Records provided
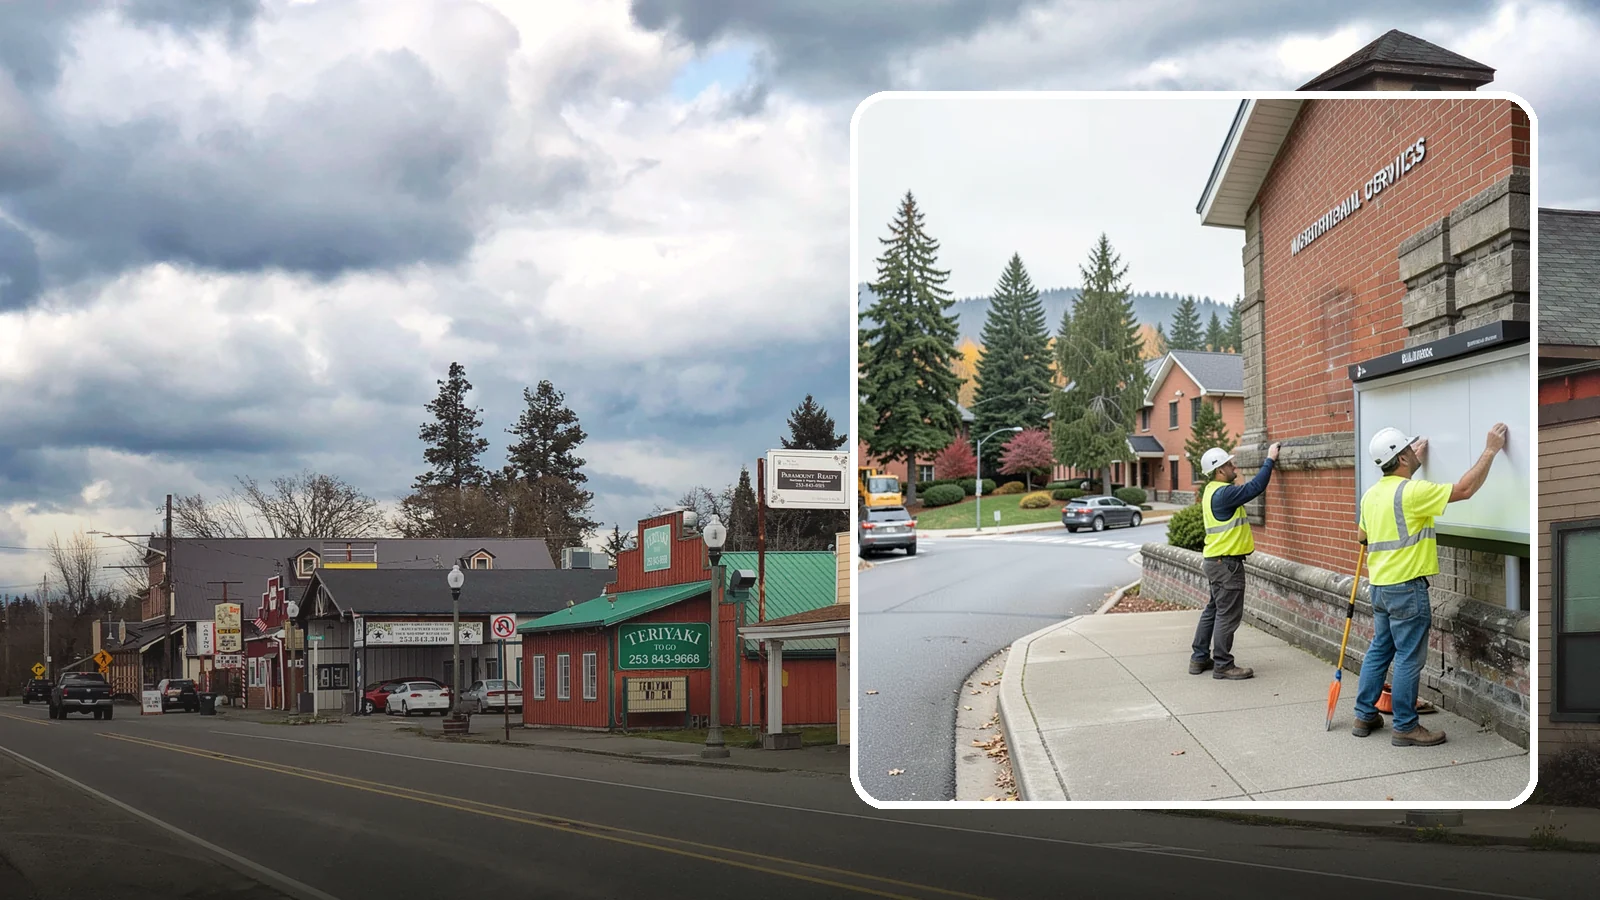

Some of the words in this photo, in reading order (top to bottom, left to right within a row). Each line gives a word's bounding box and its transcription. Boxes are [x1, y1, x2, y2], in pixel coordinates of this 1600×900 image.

[624, 627, 702, 646] TERIYAKI
[628, 654, 648, 665] 253
[651, 654, 700, 664] 843-9668
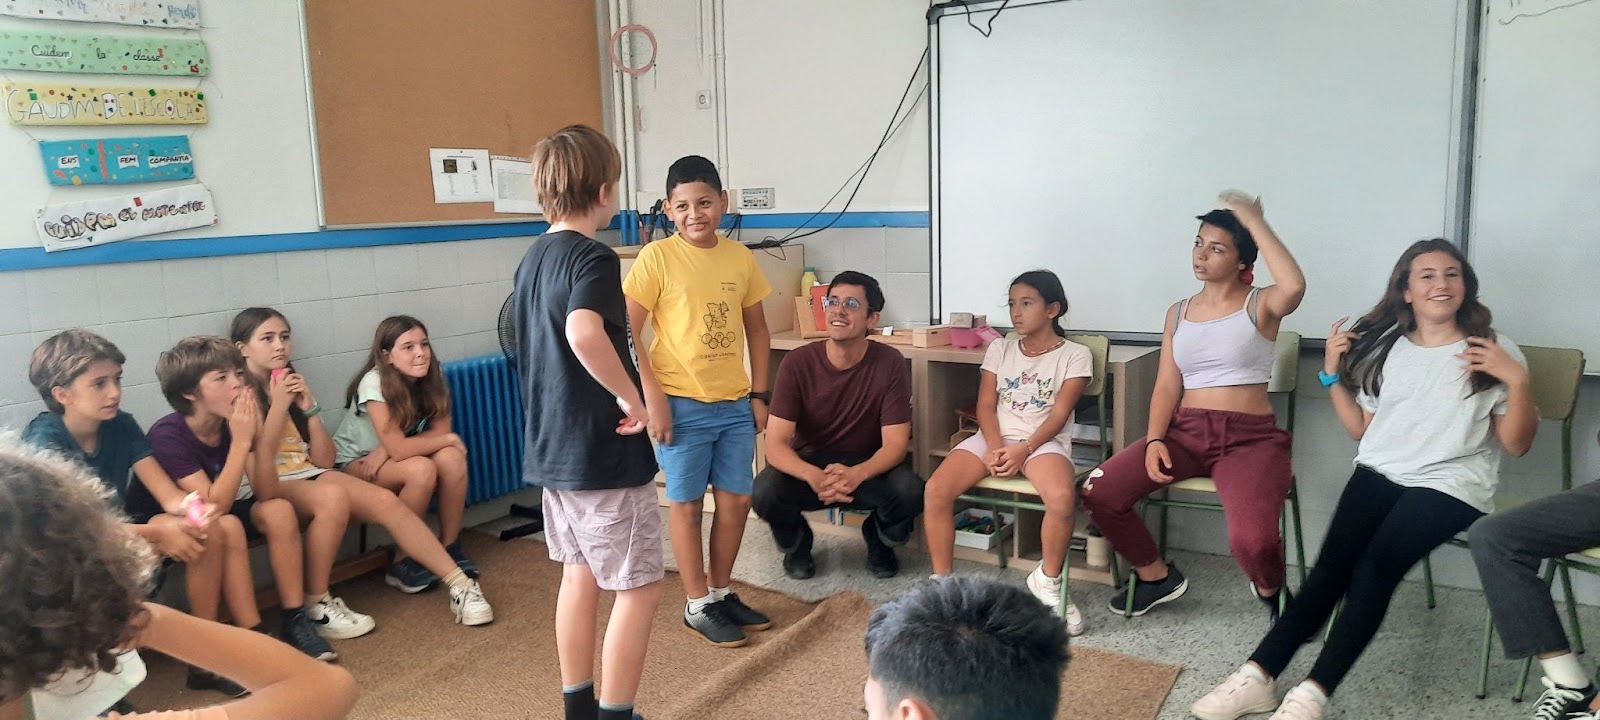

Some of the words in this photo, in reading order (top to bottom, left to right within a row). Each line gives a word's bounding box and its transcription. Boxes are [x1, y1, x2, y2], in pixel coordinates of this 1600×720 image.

[31, 45, 70, 58] Cuidem
[96, 48, 106, 59] la
[133, 49, 161, 61] classe
[102, 93, 127, 119] DE
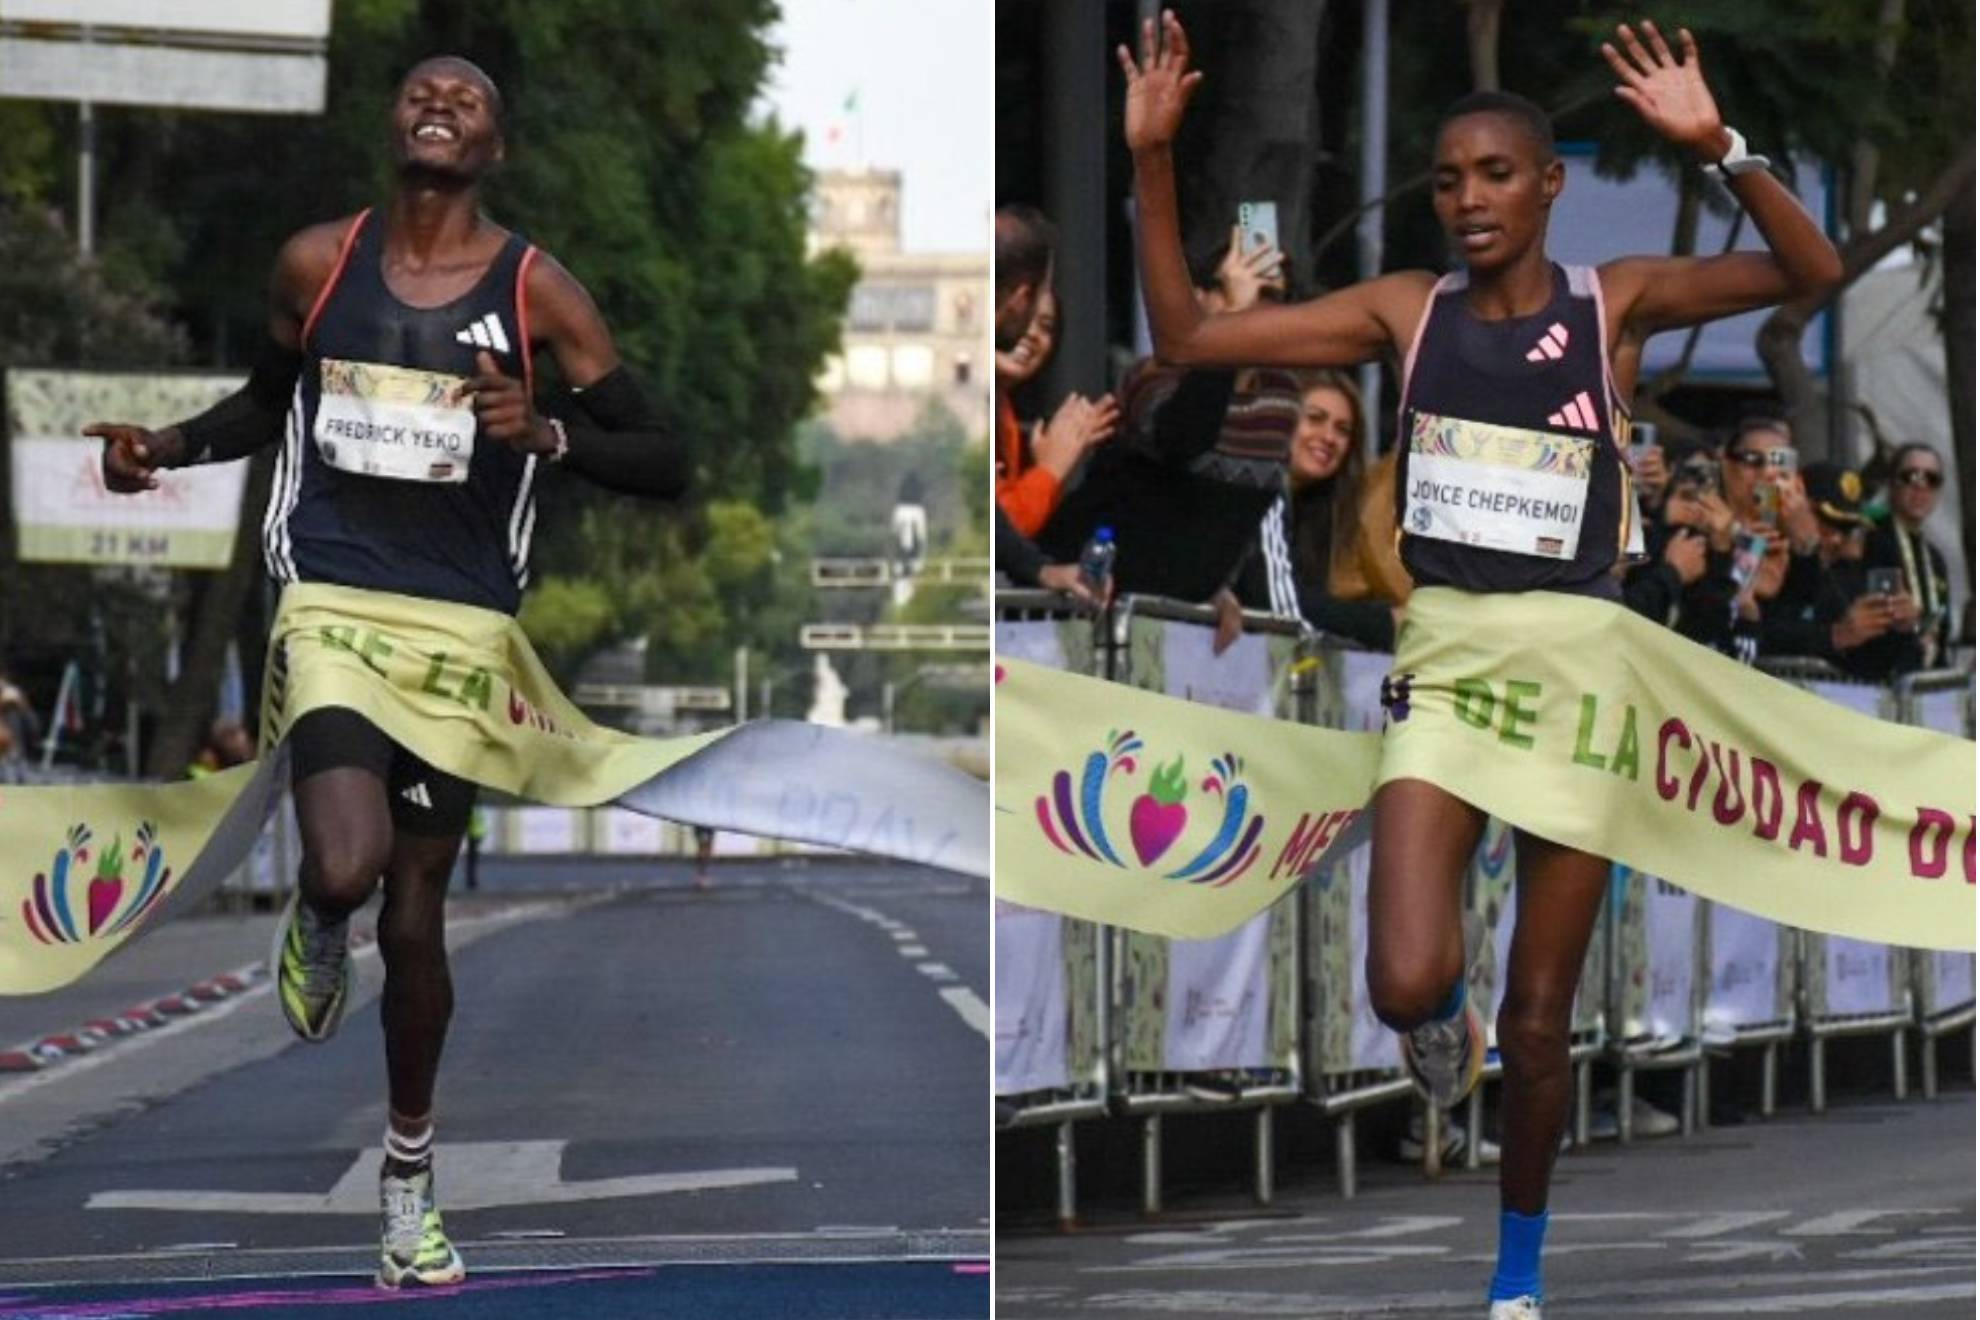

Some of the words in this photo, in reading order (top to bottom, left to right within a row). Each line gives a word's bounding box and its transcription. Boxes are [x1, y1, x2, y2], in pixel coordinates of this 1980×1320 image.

Directions
Could you give the material again exactly as it stands, omitting any image?

Result for this exercise
Some of the words in this photo, in reading order (top to bottom, left to right within a row). Each line gives a word's bounding box and its transcription. Boxes are [x1, y1, x2, y2], in pixel coordinates of this 1600×900 image.

[624, 627, 702, 646] TERIYAKI
[628, 654, 648, 665] 253
[651, 654, 700, 664] 843-9668

Some of the words in this photo, in reading order (top to bottom, left to right within a row). Each line gives a word's bounding box and its transcription. Boxes are [x1, y1, x2, y2], in pixel coordinates of this 1600×720 image.

[31, 45, 70, 58] Cuidem
[96, 48, 106, 59] la
[133, 49, 161, 61] classe
[102, 93, 127, 119] DE

Some of the words in this photo, in reading order (top to bottom, left to right within a row). Each line gives a word's bounding box and its transcription. Boxes are [x1, y1, x2, y2], in pixel coordinates of this 1980×1320 image.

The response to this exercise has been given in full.